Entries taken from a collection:
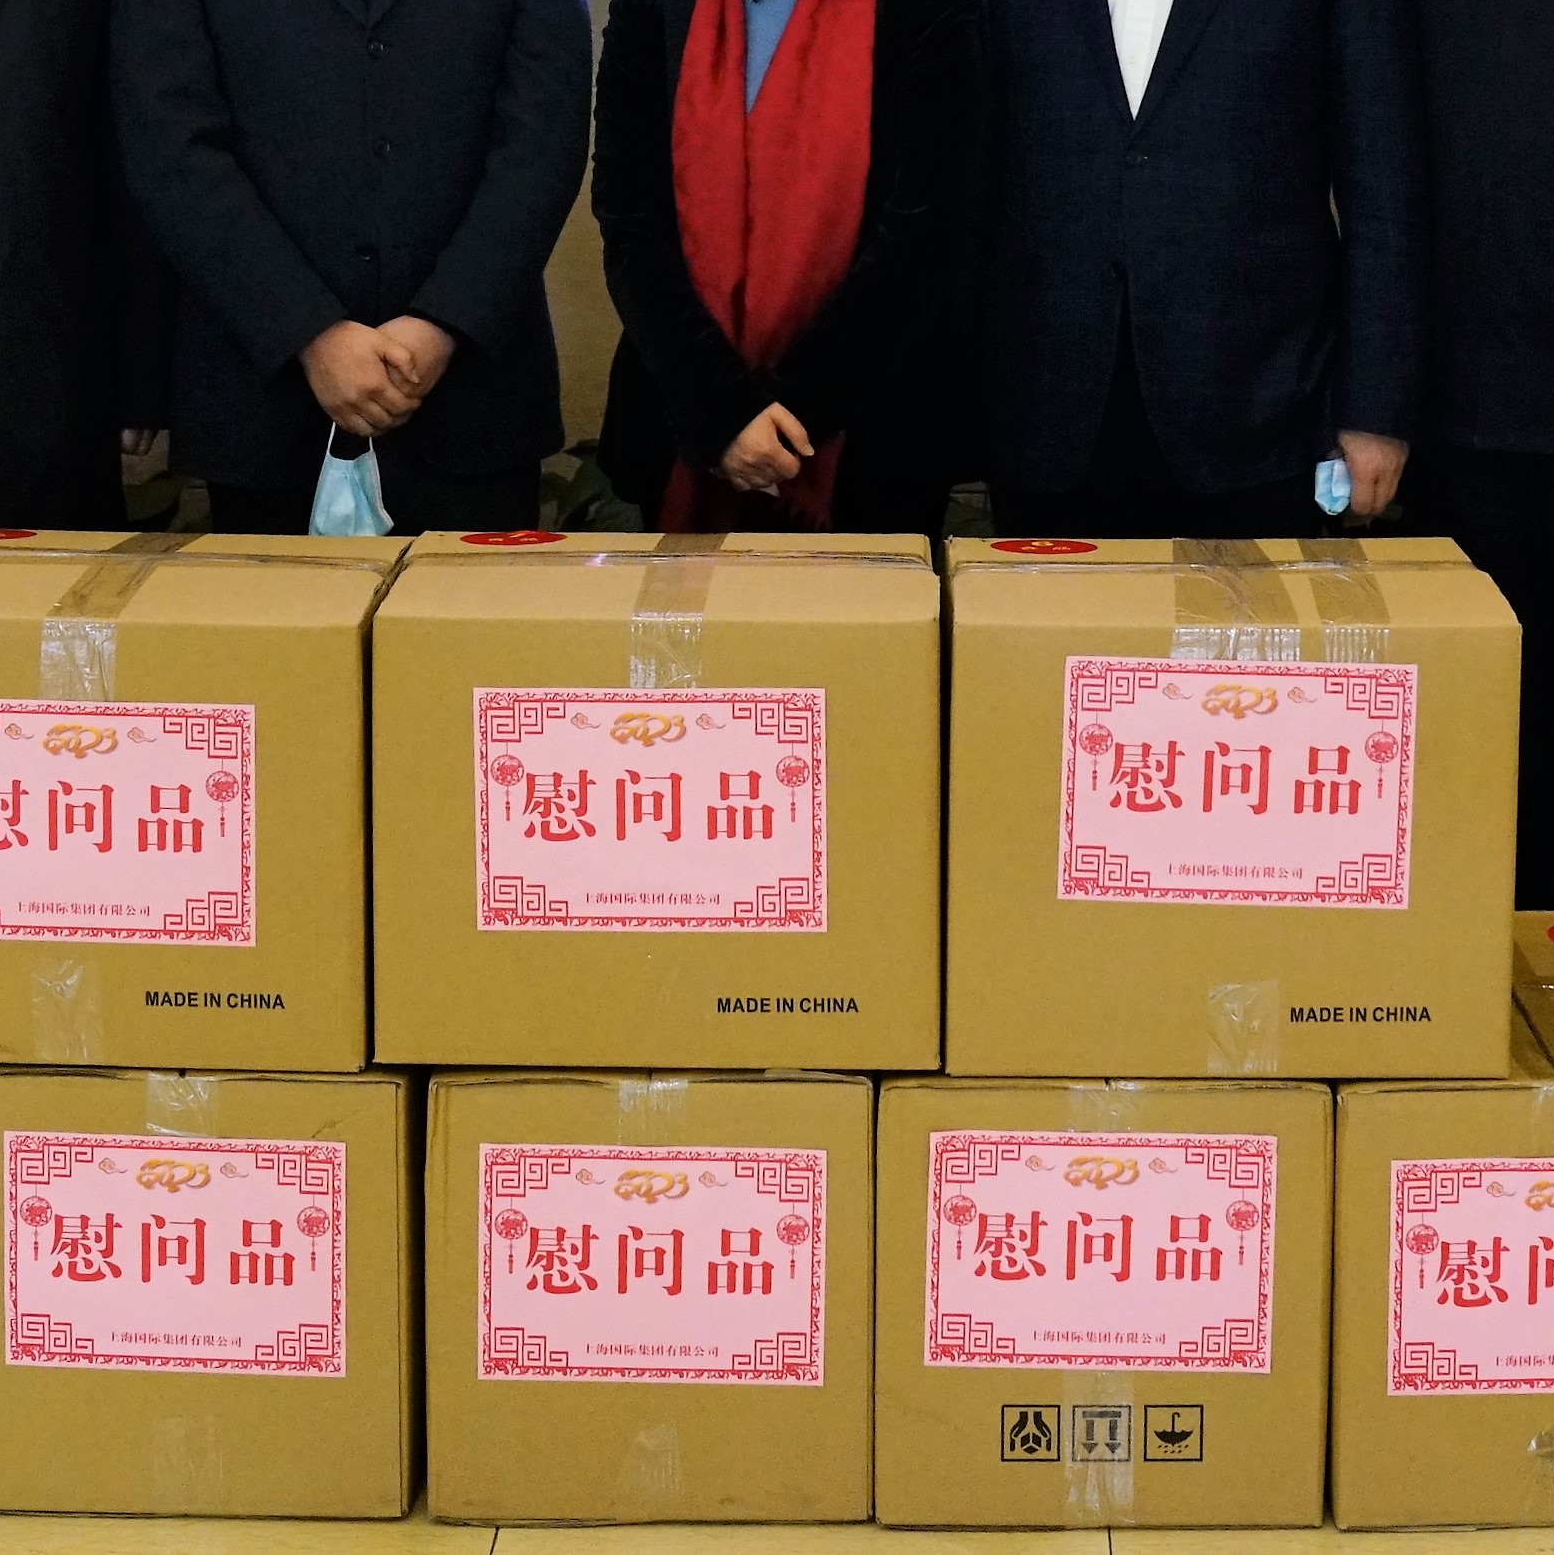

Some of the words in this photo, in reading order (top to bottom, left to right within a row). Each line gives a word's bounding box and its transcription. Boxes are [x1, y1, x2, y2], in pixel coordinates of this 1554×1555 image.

[1109, 740, 1362, 816] 慰问品
[523, 768, 775, 843] 慰问品
[1167, 862, 1304, 881] 上海国际集团有限公司
[585, 891, 721, 906] 上海国际集团有限公司
[17, 900, 151, 918] 上海国际集团有限公司
[146, 991, 198, 1007] MADE
[204, 993, 220, 1007] IN
[227, 994, 285, 1009] CHINA
[718, 998, 770, 1012] MADE
[777, 998, 793, 1012] IN
[800, 998, 858, 1013] CHINA
[1291, 1008, 1343, 1022] MADE
[1350, 1008, 1366, 1022] IN
[1373, 1007, 1431, 1022] CHINA
[50, 1212, 296, 1287] 慰问品
[973, 1210, 1223, 1283] 慰问品
[523, 1219, 775, 1298] 慰问品
[110, 1330, 243, 1349] 上海国际集团有限公司
[1032, 1329, 1167, 1346] 上海国际集团有限公司
[585, 1342, 720, 1359] 上海国际集团有限公司

Task goal |
Each line of the data should be quoted exactly, with pictures left out.

Output of the exercise |
Some of the words in this photo, in reading order (top to bottom, left to right within a row). Each line gives a word's bounding box and its transcription. Boxes are [x1, y1, x2, y2], in pixel coordinates of this 1554×1555 image.

[1109, 740, 1362, 816] 慰问品
[523, 768, 775, 843] 慰问品
[1167, 862, 1304, 881] 上海国际集团有限公司
[585, 891, 721, 906] 上海国际集团有限公司
[17, 900, 151, 918] 上海国际集团有限公司
[146, 991, 198, 1007] MADE
[204, 993, 220, 1007] IN
[227, 994, 285, 1009] CHINA
[718, 998, 770, 1012] MADE
[777, 998, 793, 1012] IN
[800, 998, 858, 1013] CHINA
[1291, 1008, 1343, 1022] MADE
[1350, 1008, 1366, 1022] IN
[1373, 1007, 1431, 1022] CHINA
[50, 1212, 296, 1287] 慰问品
[973, 1210, 1223, 1283] 慰问品
[523, 1219, 775, 1298] 慰问品
[110, 1330, 243, 1349] 上海国际集团有限公司
[1032, 1329, 1167, 1346] 上海国际集团有限公司
[585, 1342, 720, 1359] 上海国际集团有限公司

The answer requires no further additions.